Oito meses após deixar o cargo, Cristina mantém alguma influência política. Ela ainda inspira lealdade de alguns argentinos que apoiaram seu desafio a poderosos grupos de interesse e suas expressões de solidariedade com os pobres. No entanto, muitos desses seguidores hoje começam a duvidar dela. "Eles sempre se defendem, mas agora percebemos que estavam nos prejudicando", disse Jonathan Ramis, 20, um aluno de administração de empresas que votou na Frente nas eleições do ano passado.

A prisão de López pode ser considerada no contexto das denúncias de corrupção relacionadas a verbas públicas destinadas à reforma da infraestrutura, como estradas e hospitais, comentaram os juízes em uma decisão em 30 de junho.

Essas denúncias derivam de vários casos em andamento que chocaram os argentinos nos últimos anos. Um deles é uma investigação de lavagem de dinheiro que envolve Lázaro Báez, um magnata da construção da Patagônia, que foi indiciado e está na cadeia enquanto a investigação avança.

Guillermo Marijuan, o promotor do caso, acredita que Báez --um ex-funcionário de banco cuja construtora foi fundada pouco antes que a Frente para a Vitória assumisse o governo-- cobrava a mais por obras públicas em contratos regularmente concedidos pelos governos do casal Kirchner, que sugavam as verbas. Báez questionou a evidência no caso e disse que há uma conspiração contra ele, segundo reportagens.

Outro caso foi aberto sobre os negócios entre ex-autoridades de planejamento como López e as construtoras de Báez.

Os investigadores também acusaram Báez de redirecionar parte dos fundos dos contratos de obras públicas para os Kirchner por meio de esquemas envolvendo as empresas de hotel e imobiliárias da família.

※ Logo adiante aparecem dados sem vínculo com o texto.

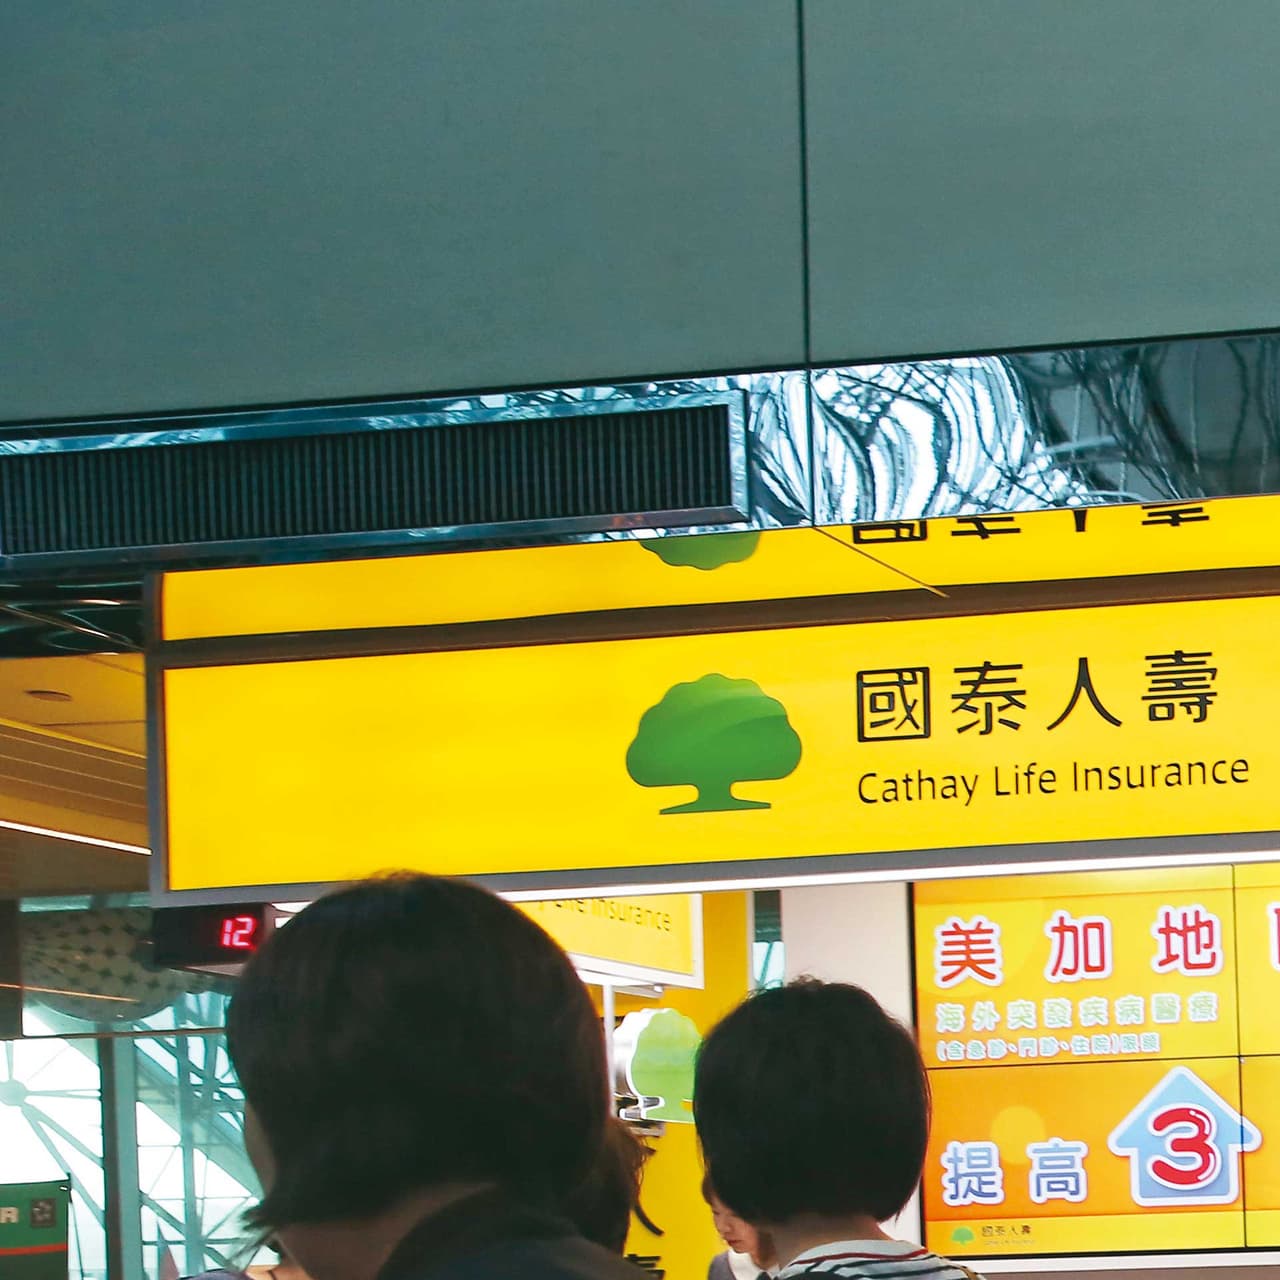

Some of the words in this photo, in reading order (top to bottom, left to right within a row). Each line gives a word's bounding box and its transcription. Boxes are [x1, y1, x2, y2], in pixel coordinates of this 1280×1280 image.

Os promotores também estão investigando se as empresas de Báez pagaram por reservas em massa em hotéis sem jamais ocupar os quartos. De modo semelhante, alega-se que Báez deu dinheiro aos Kirchner por meio de acordos de aluguel nas propriedades da família na Patagônia.

Gerardo Pollicita, principal promotor no caso dos hotéis, recusou vários pedidos de entrevista. Mas em uma decisão recente, ele escreveu que a investigação tentava estabelecer se os Kirchner participaram de uma conspiração criminosa envolvendo "amigos" como Báez que, em troca de favores em negócios do governo, canalizaram fundos para a família presidencial.

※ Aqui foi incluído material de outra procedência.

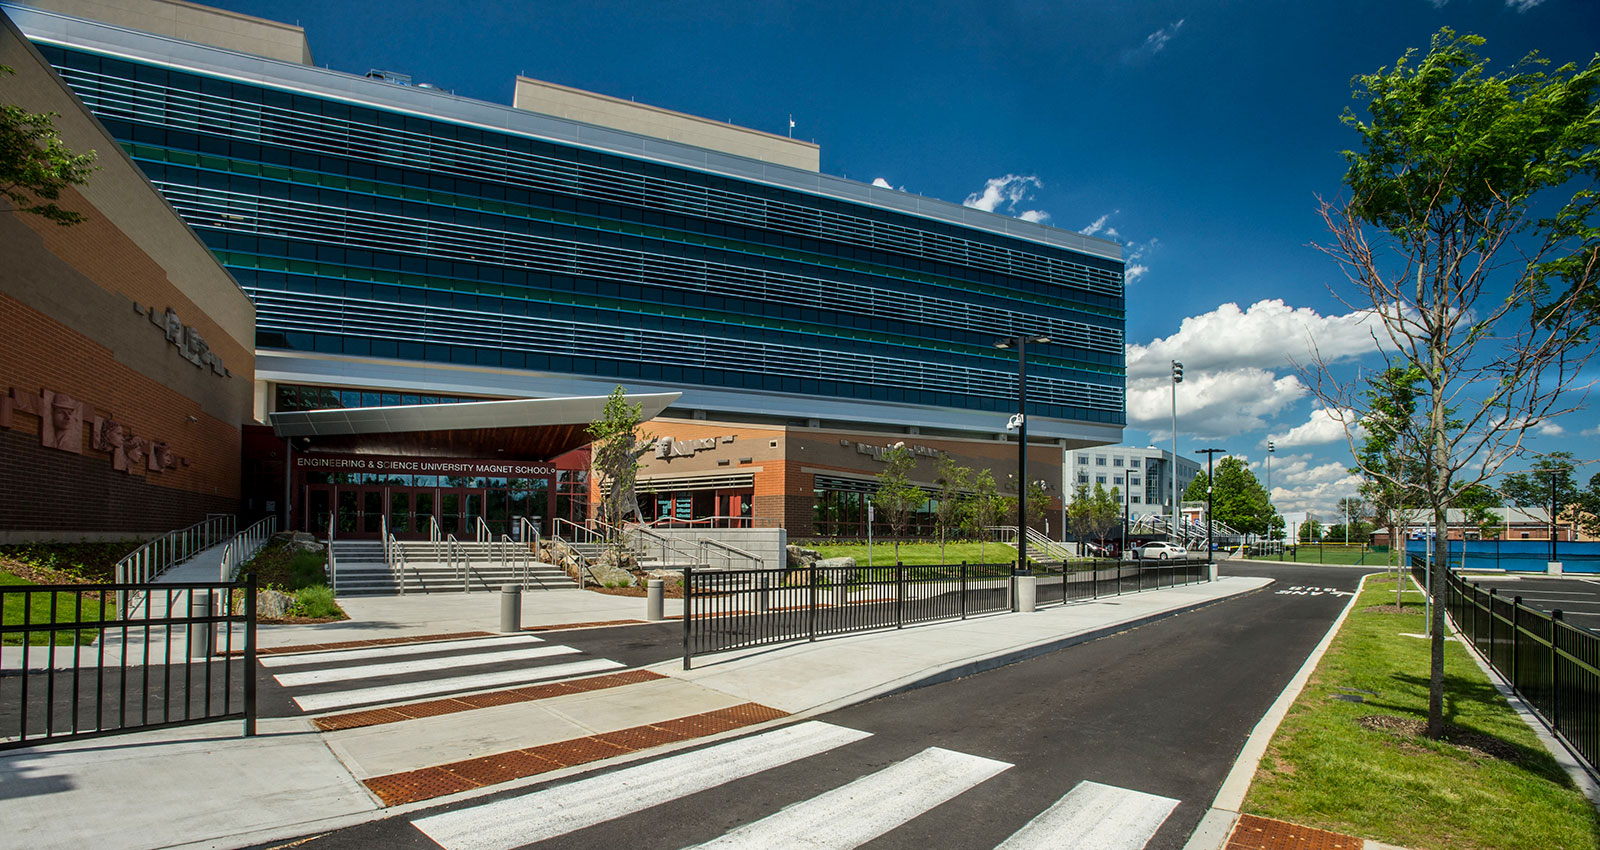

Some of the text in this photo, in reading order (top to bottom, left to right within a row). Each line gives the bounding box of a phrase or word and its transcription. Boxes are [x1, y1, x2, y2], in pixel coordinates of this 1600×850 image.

Cristina negou todas as denúncias e disse que está sendo atacada por um Judiciário guiado por seus inimigos para manchar seu legado e desviar a atenção das reformas de mercado de Macri, que foram alvo de protestos recentes. Suas reformas desgastaram os salários e intensificaram a pobreza, segundo um relatório deste ano da Pontifícia Universidade Católica da Argentina.

Kirchner dirigiu zombarias a Claudio Bonadio, juiz que está conduzindo a investigação sobre supostas propinas à empresa imobiliária dos Kirchner. Ele foi tirado do caso dos hotéis no ano passado em meio a preocupações sobre sua imparcialidade.

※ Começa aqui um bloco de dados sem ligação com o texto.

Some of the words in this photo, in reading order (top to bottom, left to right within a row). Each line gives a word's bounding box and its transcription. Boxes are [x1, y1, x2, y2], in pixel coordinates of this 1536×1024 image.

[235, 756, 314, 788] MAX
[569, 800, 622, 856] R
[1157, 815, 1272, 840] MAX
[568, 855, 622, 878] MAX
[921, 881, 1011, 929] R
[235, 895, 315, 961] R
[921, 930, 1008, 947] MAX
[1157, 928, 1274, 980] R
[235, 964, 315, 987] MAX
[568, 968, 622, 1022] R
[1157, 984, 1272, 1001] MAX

Em uma entrevista em seu escritório em Comodoro Py, um tribunal arruinado aqui, Bonadio negou a existência de um grupo de juízes e promotores que tramavam contra Kirchner. Ele disse que simplesmente trabalha nos casos que lhe são enviados. Bonadio disse que juízes tratam a lei criminal como jogadores de golfe em um torneio, pensando só no arquivo do caso --ou buraco-- à sua frente.

"Somos golfistas, e não jogadores de beisebol ou de futebol", disse ele. "Jogamos contra o campo, e não contra outro time."

Muitos especialistas afirmam, porém, que o Judiciário argentino não é independente. Os juízes federais, segundo Luis Moreno Ocampo, um importante ativista contra a corrupção que foi promotor chefe no Tribunal Penal Internacional, tendem a atuar em favor dos políticos que estão no poder, e só os processam seriamente depois que deixam os cargos.

Essa politização muitas vezes é atribuída a Menem, o ex-presidente cujo ministro da Economia certa vez afirmou que ele recebeu um guardanapo de outro ministro rabiscado com os nomes dos juízes que Menem controlava. "O maior problema é tirar o sistema jurídico da Argentina deste pântano", disse Moreno Ocampo. Mas, acrescentou ele, "o foco deve ser não apenas para a corrupção passada, mas para evitar a futura".